I’m trying to reset admin password, updating db record as follows, SQL-query:

update adm_user set password_hash = ‘NEW_HASH_GOES_HERE’ where username like ‘admin’;

Now, the main goal is to generate a new password hash string correctly.
As I see, there is a straightforward way to do it - just by running the part of Yii framework code, which creates hash during sign-up process. Which i think is:

            $password = '1axxxxxxxxxxxxxxxxxxxxxxxxxxxxFyu';//Yii::app()->getSecurityManager()->generateRandomString(7, true);
            $password_hash = CPasswordHelper::hashPassword($password);

… from $SITE_DIR/protected/modules/Clasificator/models/PersonalInformation.php script.
And what i’d like to understand here:
What is that string ‘1aRT$33)r#etZDk7Toy6g30HbV78qwWwq134mFyu’ ? Is it a “salt” or smth. ?

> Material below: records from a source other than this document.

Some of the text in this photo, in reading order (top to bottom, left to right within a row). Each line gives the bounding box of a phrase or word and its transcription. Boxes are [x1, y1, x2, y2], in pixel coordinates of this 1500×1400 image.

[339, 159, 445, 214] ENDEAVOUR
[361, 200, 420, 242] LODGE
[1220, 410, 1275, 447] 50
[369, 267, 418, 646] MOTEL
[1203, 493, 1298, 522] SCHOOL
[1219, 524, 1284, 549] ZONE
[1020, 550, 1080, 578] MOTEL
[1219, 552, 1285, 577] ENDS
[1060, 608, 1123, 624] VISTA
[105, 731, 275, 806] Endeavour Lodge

And finally what i’ve got:

cat genhash.php

<?php include("../framework/base/CComponent.php"); include("../framework/base/CModule.php"); include("../framework/base/CApplication.php"); include("../framework/yii.php"); include("../framework/utils/CPasswordHelper.php"); $password = 'adminpassword';//Yii::app()->getSecurityManager()->generateRandomString(7, true); $password_hash = CPasswordHelper::hashPassword($password); echo ($password_hash); ?>

… throws me:

Fatal error: Call to a member function getSecurityManager() on a non-object in /var/www//framework/utils/CPasswordHelper.php on line 188

As you can see, i’ve some PHP-class import problem here.
Any help would be appreciated.
Thank you in advance.


(Alexander Makarov) #2

How about writing a command instead? https://www.yiiframework.com/doc/guide/1.1/en/topics.console#creating-commands


(BigBoatCap) #3

Hello, and thank you for getting in touch.

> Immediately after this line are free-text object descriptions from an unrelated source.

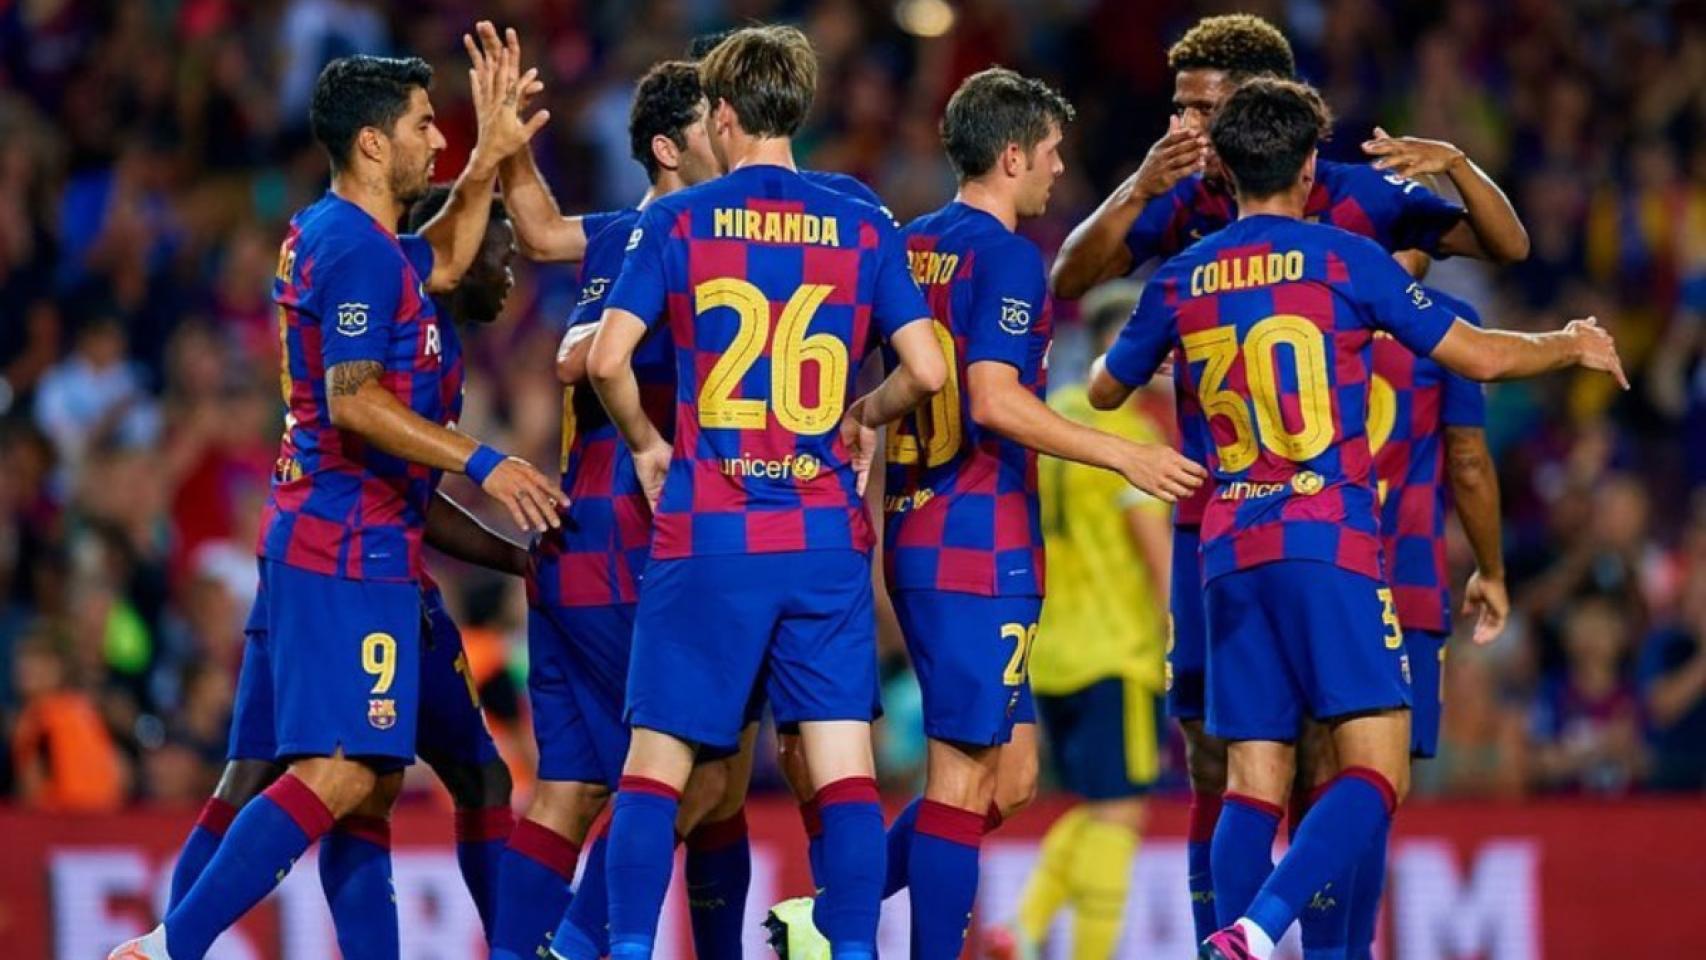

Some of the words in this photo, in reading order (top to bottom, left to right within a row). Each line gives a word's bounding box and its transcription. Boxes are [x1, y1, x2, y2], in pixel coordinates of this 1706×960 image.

[714, 208, 840, 247] MIRANDA
[1191, 250, 1305, 297] COLLADO
[695, 277, 848, 435] 26
[1181, 313, 1336, 474] 30
[720, 453, 793, 479] unicef
[361, 632, 398, 695] 9
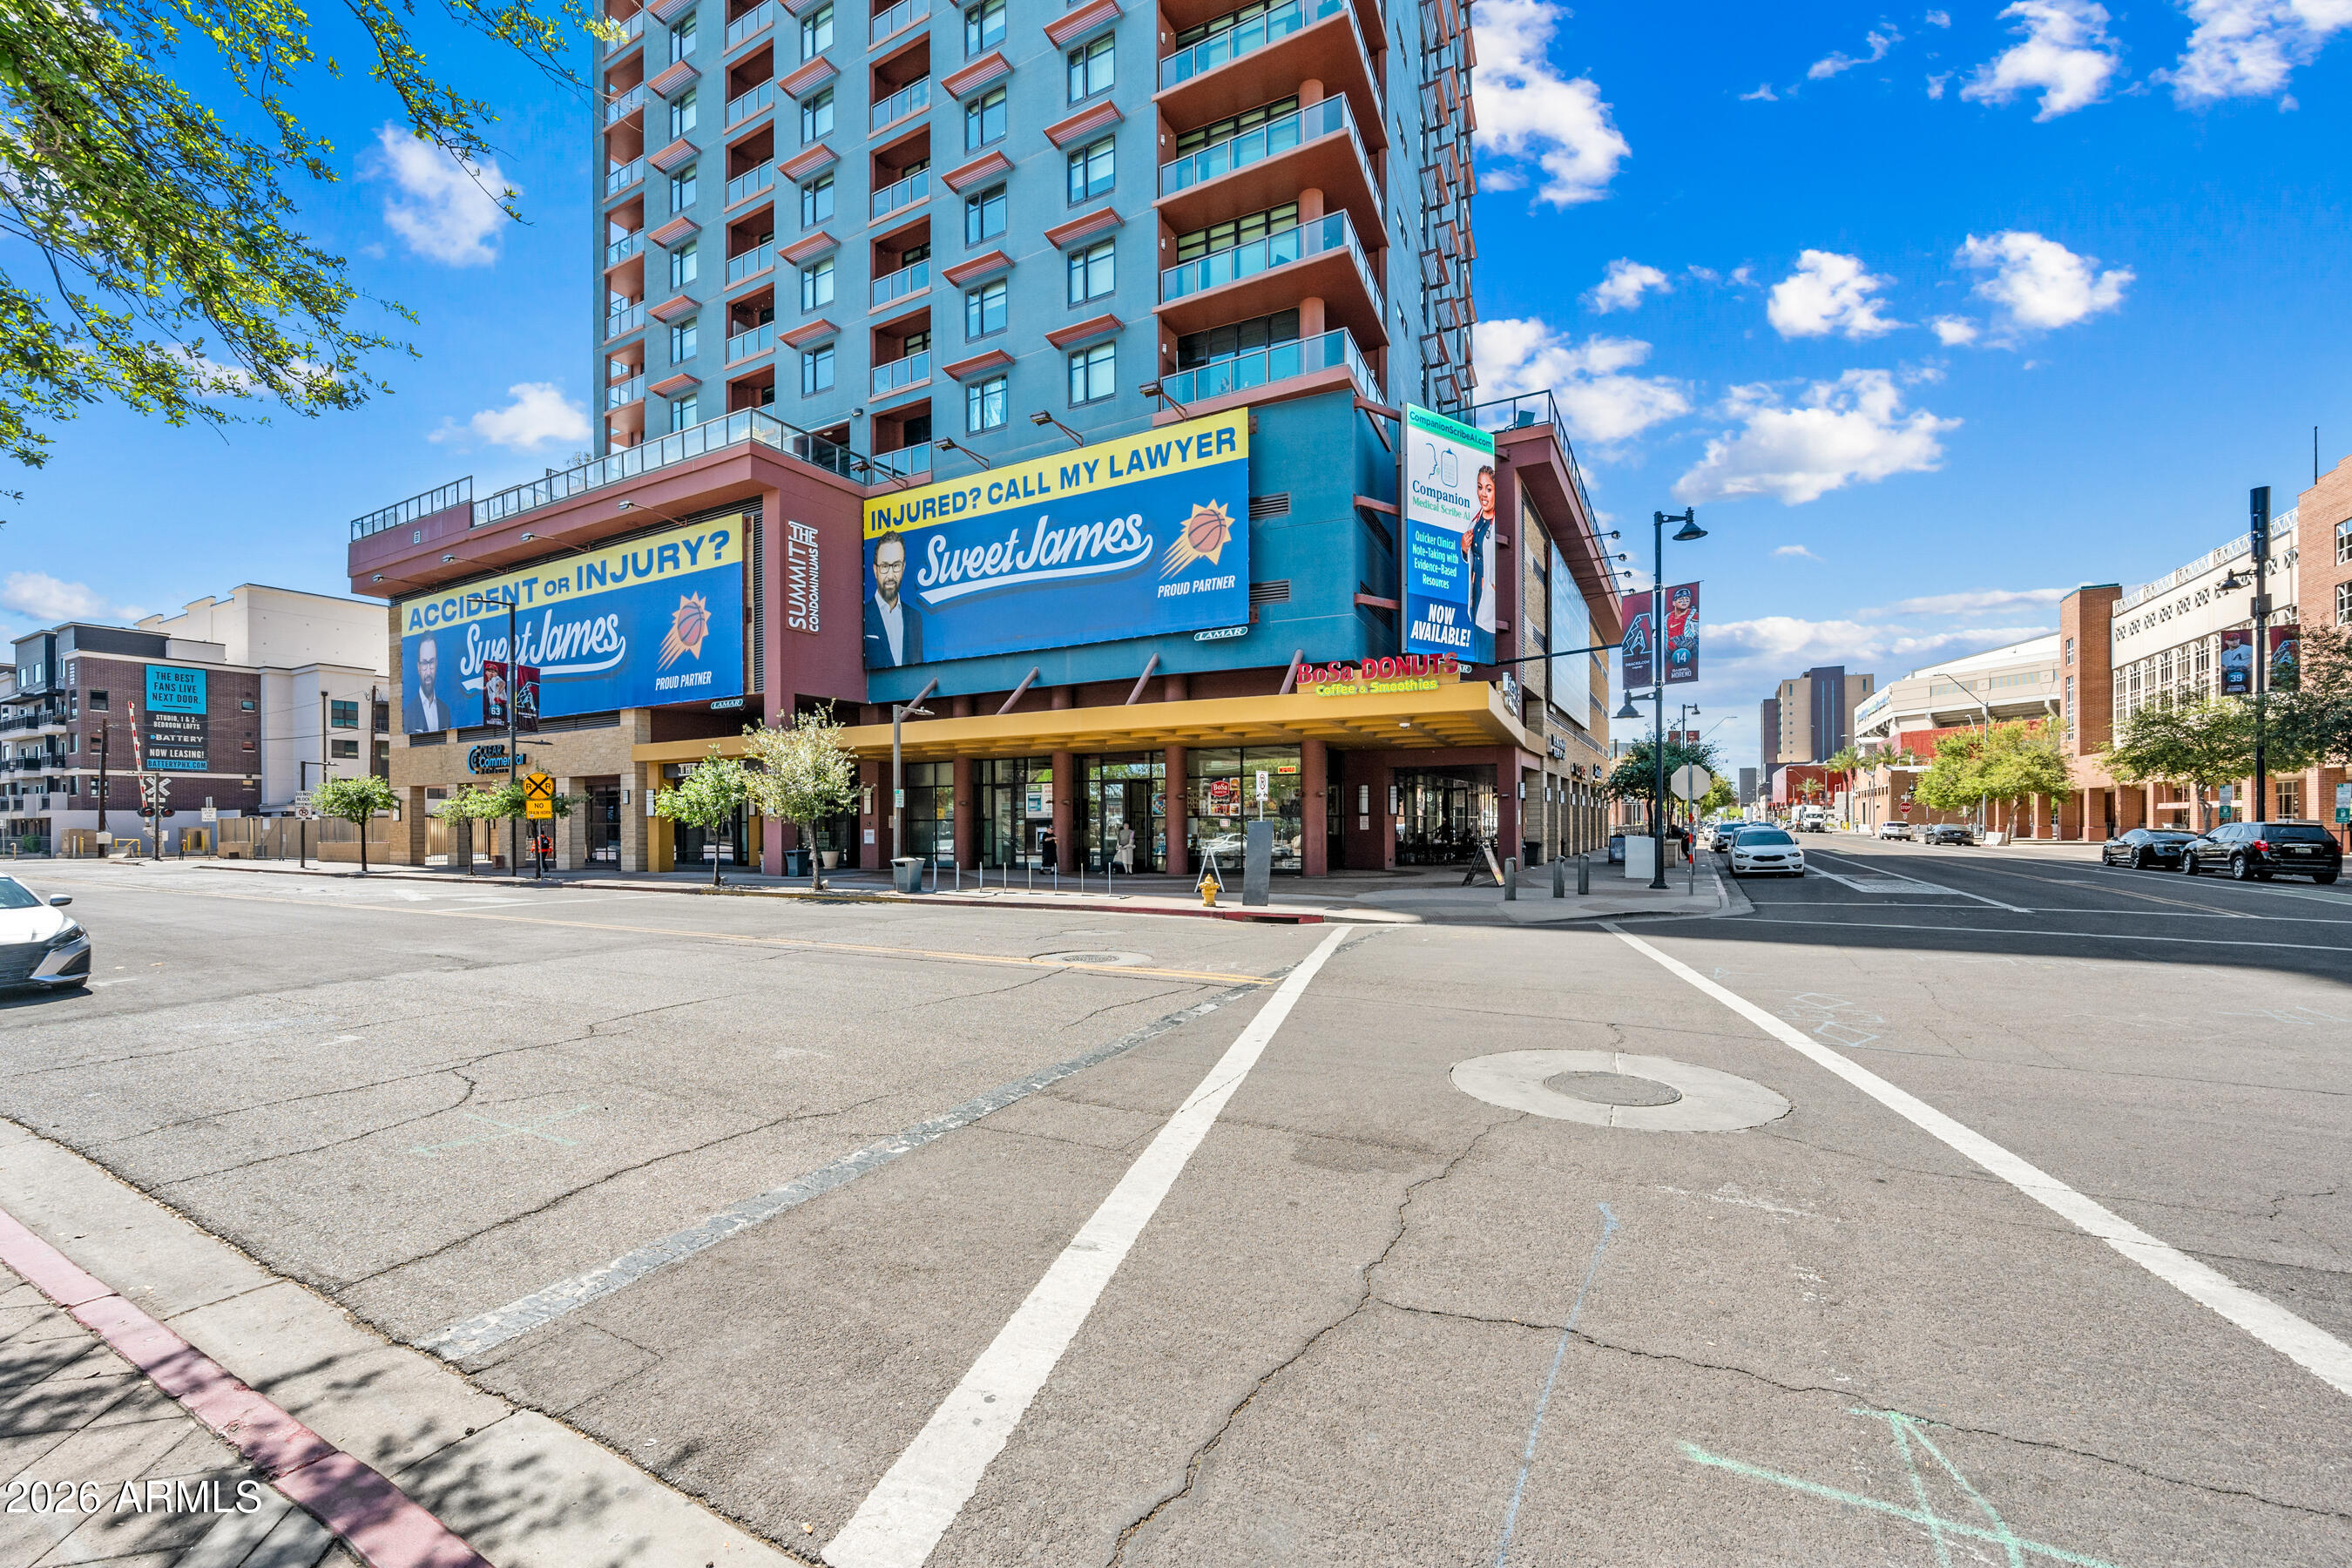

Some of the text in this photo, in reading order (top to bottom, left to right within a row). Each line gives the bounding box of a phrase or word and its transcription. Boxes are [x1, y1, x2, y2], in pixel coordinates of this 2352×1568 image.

[1409, 410, 1492, 449] CompanionScribeAI.com
[871, 426, 1236, 531] INJURED? CALL MY LAWYER
[1412, 480, 1470, 508] Companion
[1412, 497, 1439, 511] Medical
[1441, 504, 1462, 517] Scribe
[787, 521, 819, 548] THE
[1415, 531, 1456, 551] Quicker Clinical
[917, 513, 1144, 586] Sweet James
[1412, 544, 1458, 564] Note-Taking with
[1414, 558, 1457, 577] Evidence-Based
[409, 577, 538, 632] ACCIDENT
[577, 530, 730, 591] INJURY?
[787, 540, 807, 630] SUMMIT
[808, 547, 819, 632] CONDOMINIUMS
[1158, 575, 1235, 598] PROUD PARTNER
[1423, 574, 1450, 589] Resources
[1428, 603, 1456, 625] NOW
[529, 608, 620, 665] James
[1198, 627, 1243, 640] LAMAR
[1410, 620, 1471, 647] AVAILABLE!
[1676, 651, 1687, 663] 14
[156, 671, 195, 683] THE BEST
[1296, 652, 1459, 684] BoSa DONUTS
[154, 682, 197, 693] FANS LIVE
[655, 671, 712, 691] PROUD PARTNER
[1316, 683, 1356, 696] Coffee
[1369, 679, 1438, 693] Smoothies
[152, 693, 201, 704] NEXT DOOR.
[713, 699, 741, 709] LAMAR
[490, 706, 501, 715] 63
[156, 734, 204, 743] BATTERY
[150, 748, 205, 759] NOW LEASING!
[479, 753, 524, 767] Commeral
[148, 760, 206, 769] BATTERYPHX.COM

Would you please provide an example for generating a password hash ?


(Alexander Makarov) #4

Sure:

CPasswordHelper::hashPassword($password);

But you must be in the context of a command.


(BigBoatCap) #5

Actually i couldn’t run this yiiconsole command, don’t know why, but it couldn’t connect with the same psql params in protected/config/console.php
But i got the default password hash from protected/modules/User/components/UserModuleInstall.php which is:
$2a$13$hUjtMwR9BNTyjGXw7vOByeoC2d1dnuuAwfu4QP5lckP55KMACXtru
( ‘admin’ password )
And this was enough to get in.
Thank you for your assistance.